Armen Chakmakjian

Statesmen?

In Random on March 5, 2016 at 3:28 pm

Where are the statesmen? What happened to leadership? Do you think that the current crop of characters on both sides could do anything but reduce the sum of human knowledge whenever they open their mouths? Could you see any of them move the public discourse by delivering something akin the following examples in a speech?

“Gentlemen, you will permit me to put on my spectacles, for, I have grown not only gray, but almost blind in the service of my country.” -George Washington

“With malice toward none, with charity for all, with firmness in the right as God gives us to see the right, let us strive on to finish the work we are in, to bind up the nation’s wounds, to care for him who shall have borne the battle and for his widow and his orphan, to do all which may achieve and cherish a just and lasting peace among ourselves and with all nations.” -Abraham Lincoln

“Now, the same principle which applies in private life applies also in public life.
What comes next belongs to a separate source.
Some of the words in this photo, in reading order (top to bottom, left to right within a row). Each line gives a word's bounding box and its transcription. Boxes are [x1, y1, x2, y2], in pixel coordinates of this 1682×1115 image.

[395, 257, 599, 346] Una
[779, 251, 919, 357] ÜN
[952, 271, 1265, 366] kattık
If a public man tries to get your vote by saying that he will do something wrong in your interest, you can be absolutely certain that if ever it becomes worth his while he will do something wrong against your interest. So much for the citizenship to the individual in his relations to his family, to his neighbor, to the State. There remain duties of citizenship which the State, the aggregation of all the individuals, owes in connection with other States, with other nations.” -Theodore Roosevelt

“With experience enough in subordinate offices to have seen the difficulties of this the greatest of all, I have learnt to expect that it will rarely fall to the lot of imperfect man to retire from this station with the reputation and the favor which bring him into it. Without pretensions to that high confidence you reposed in our first and greatest revolutionary character, whose preeminent services had entitled him to the first place in his country’s love and destined for him the fairest page in the volume of faithful history, I ask so much confidence only as may give firmness and effect to the legal administration of your affairs. I shall often go wrong through defect of judgment. When right, I shall often be thought wrong by those whose positions will not command a view of the whole ground. I ask your indulgence for my own errors, which will never be intentional, and your support against the errors of others, who may condemn what they would not if seen in all its parts. The approbation implied by your suffrage is a great consolation to me for the past, and my future solicitude will be to retain the good opinion of those who have bestowed it in advance, to conciliate that of others by doing them all the good in my power, and to be instrumental to the happiness and freedom of all.” -Thomas Jefferson

Our generation of leader talks about hand size, call each other playground names, accuse each other of “smear” when challenged about their very public actions which might sometimes be honest mistakes but nevertheless border on illegal. They espouse vicious bigotry, dangerous provincialism, economic ignorance and a lack of public compassion and civility.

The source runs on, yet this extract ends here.